4. There’s No Dating Like Jew Dating
(With apologies to Annie Get Your Gun’s “There’s No Business Like Show Business”)
There’s no dating like Jew dating like no dating I know
Everything about it is Hebraic, bar mitzvah boys will treat you without sins,
Nowhere could you get that kosher feeling when you are sharing that extra blintz
There’s no daters like Jew daters, they qvetch when they are low
Even with a loser that you know you’ll dump, you may be dating a Forrest Gump
Still you wouldn’t change it for a pound of lox, so give Shlomo a call.
3. 76 Dumped Men
(With apologies to The Music Man’s “76 Trombones”)
Seventy six dumped men on my 100hookup page
With a hundred and ten prospects close at hand.
They were followed by rows and rows of Yehudas, Bens and Moes,
Oy my head is buried in the sand.
Seventy six dumped men formed a support group,
With a hundred and ten bruised egos behind.
There were more than a thousand Jews filling in their shoes,
There were Yids of ev’ry shape and kind.
There were fancy suited attorneys in Mercedes,
Objecting, objecting, all along the way.
Super dull accountants and tax experts,
Offering to do my taxes – yay!
There were fifty sports fanatics in my message box,
Showing off, showing off muscles way too big.
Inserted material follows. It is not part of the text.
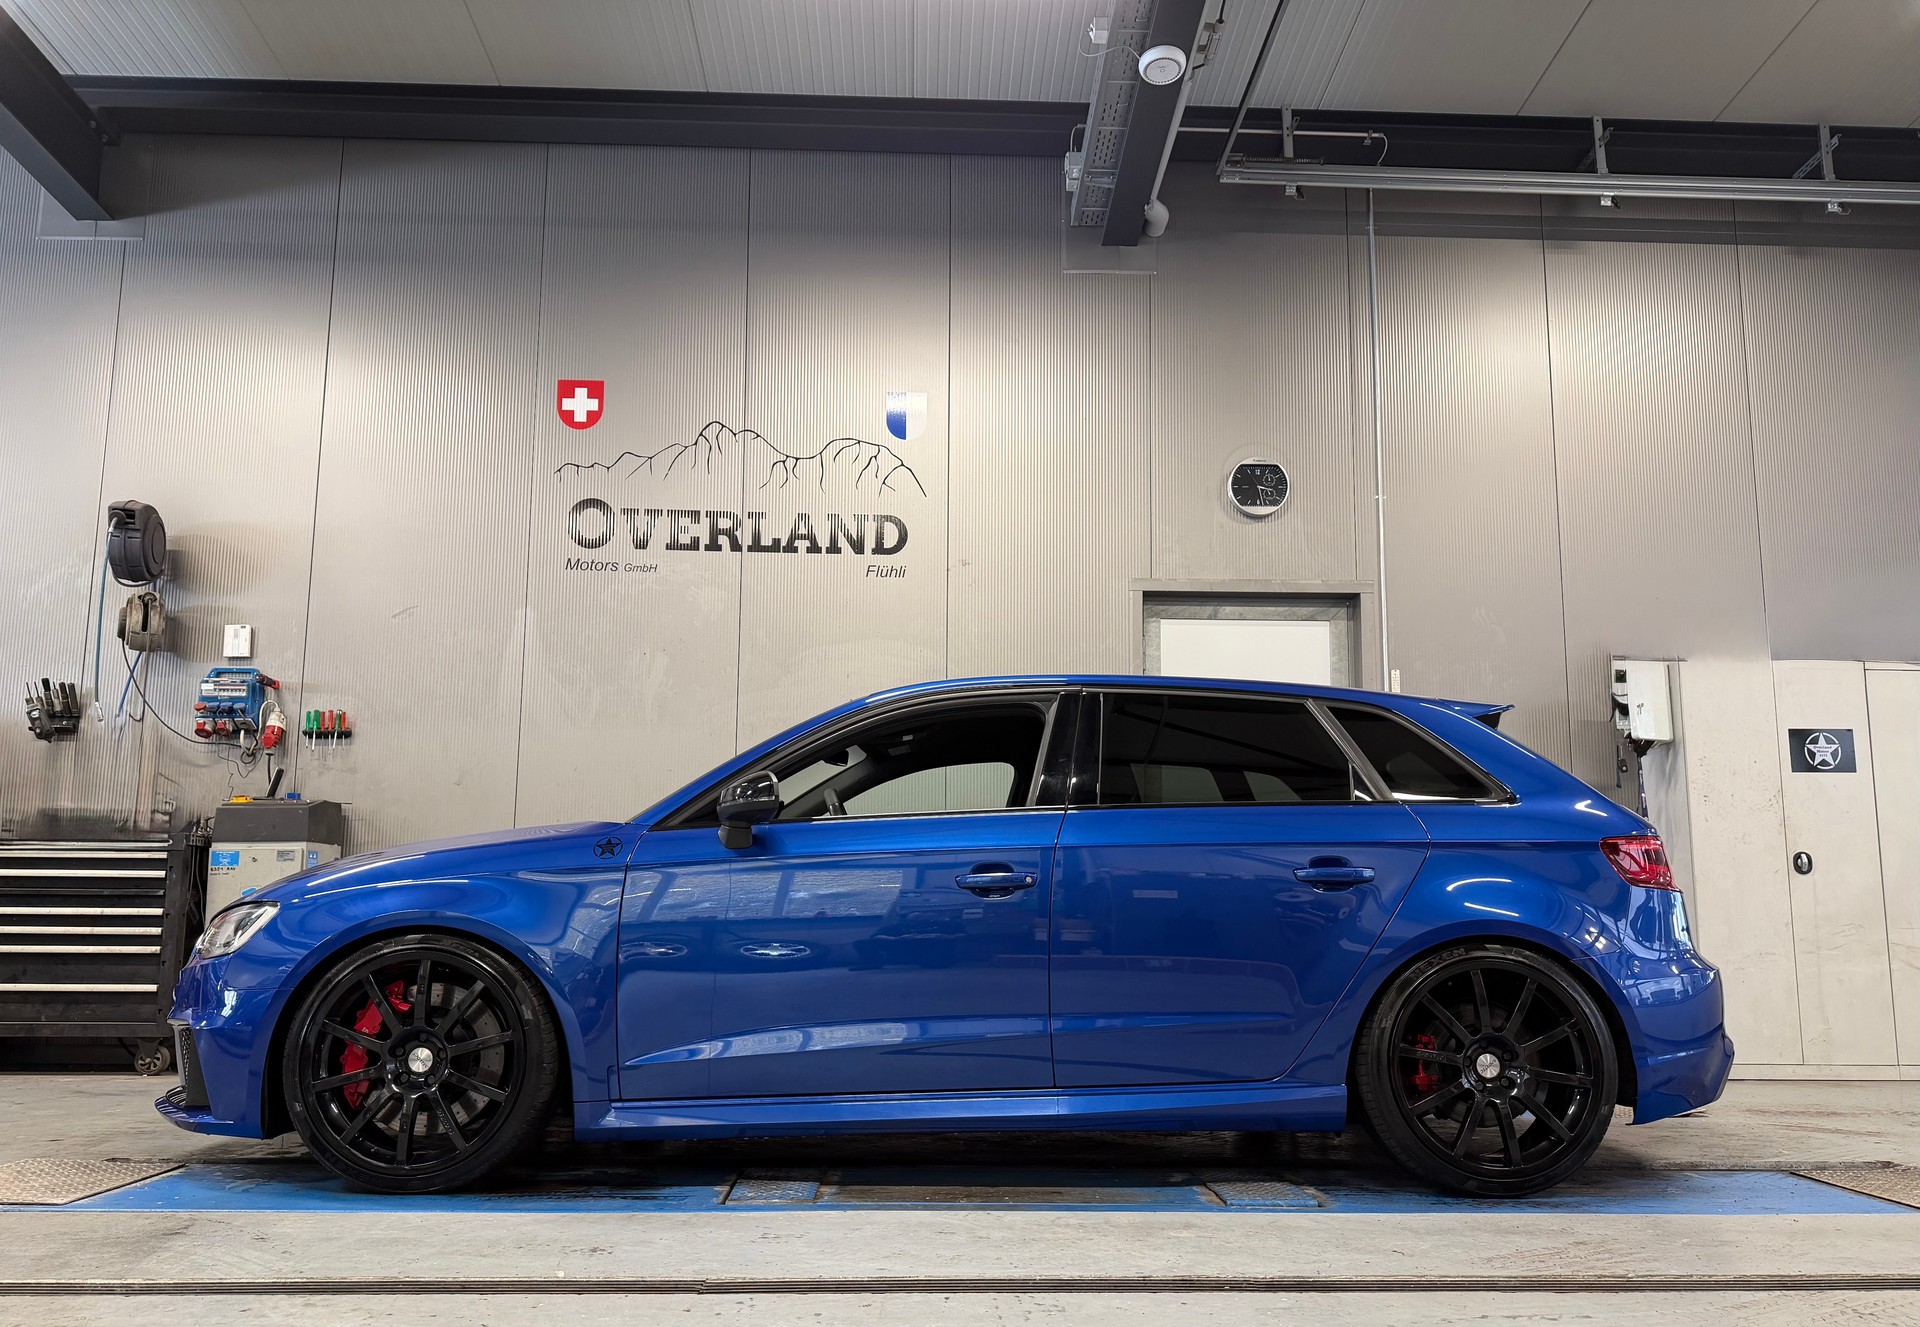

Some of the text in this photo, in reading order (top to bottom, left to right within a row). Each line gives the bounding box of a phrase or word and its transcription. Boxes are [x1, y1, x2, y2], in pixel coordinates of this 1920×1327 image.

hookup dudes of eve’ry size and big gym rats with rock hard thighs
I’m like a kid in a candy store!
2. Nefarious
(With apologies to Hair’s “Aquarius”)
When I meet a guy I want to date
And I’ll no longer be so sad
Why does it always turn out
That this bum is rotten bad?
My theory is I must like Jew who’re nefarious
Jews who’re nefarious
Nefarious!
Nefarious!
Lying all about their marriage
Skipping out on their support payments
No more funky Born Bad tattoos
Drinking malt brew while they’re driving
Booty calls at insane hours
Never once they bring me flowers
Nefarious!
Nefarious!
1. God Make Her hookup Tonight
(With apologies to Guys and Dolls’ “Luck Be a Lady Tonight”)
God make her hookup tonight
God make her hookup tonight
God if you’ve ever had a date with a goyish chick
God make her hookup tonight
God let a 100hookupr see Her wearing a Star of David like me
I can’t take another Christ, cross or communion God make her hookup tonight
hookup girls never serve you bacon
It isn’t kosher. It’s just a sin.
hookup girls don’t visit your parents’ home
And down a full bottle of gin
So let’s do this dating thing right
Send me a Jew gal tonight I’ll treat her better than my bubbie this I promise
God make her hookup tonight
Mark Miller is a comedy writer who has performed stand-up comedy in nightclubs and on TV, written on numerous sit-com staffs, been a humor columnist for the Los Angeles Times Syndicate and is a current humor columnist for The Huffington Post. His first book, a collection of his humor essays on dating and romance, was recently published. Its title: “500 Dates: Dispatches From the Front Lines of the Online Dating Wars.” But Mark says his needs are simple: that Scarlet Johansson respect his restraining order.